In your reply, repeat every entry exactly and skip over each picture.

| Records supplied |
* * * * * * *

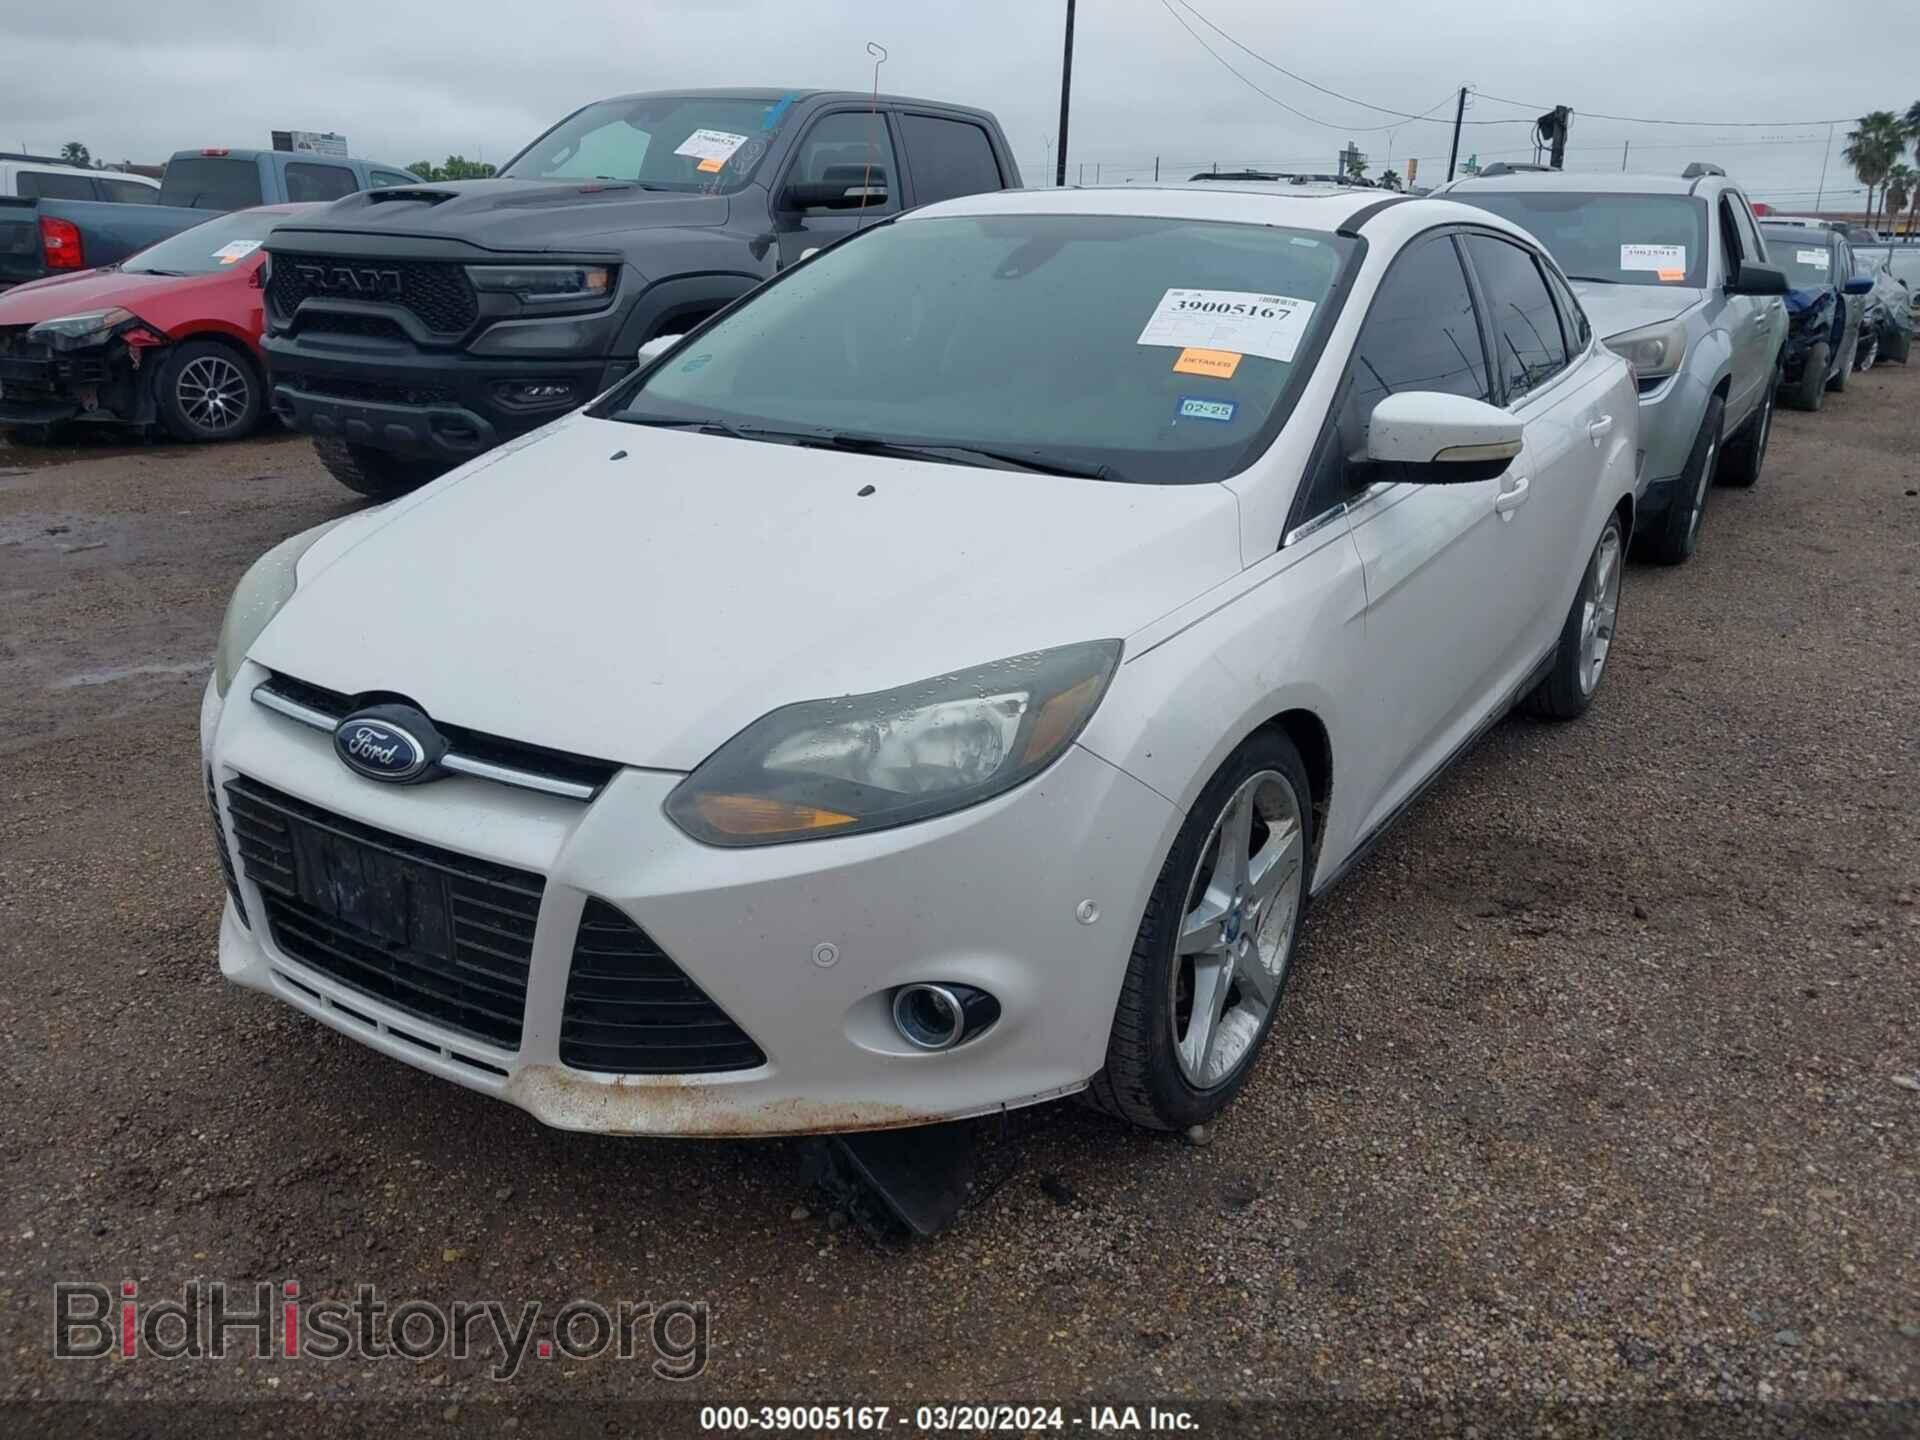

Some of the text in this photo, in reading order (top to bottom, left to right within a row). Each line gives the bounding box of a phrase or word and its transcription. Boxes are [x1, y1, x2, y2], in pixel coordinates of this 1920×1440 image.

[294, 264, 402, 293] RAM
[1171, 300, 1292, 321] 39005167
[1183, 356, 1232, 369] DETAILED
[1184, 402, 1230, 416] 02-25
[348, 727, 399, 764] Ford

* * * * * * *

| Answer space |
Some of the text in this photo, in reading order (top to bottom, left to right within a row). Each line gives the bounding box of a phrase or word and its transcription. Boxes are [x1, y1, x2, y2], in pixel coordinates of this 1920×1440 image.

[294, 264, 402, 293] RAM
[1171, 300, 1292, 321] 39005167
[1183, 356, 1232, 369] DETAILED
[1184, 402, 1230, 416] 02-25
[348, 727, 399, 764] Ford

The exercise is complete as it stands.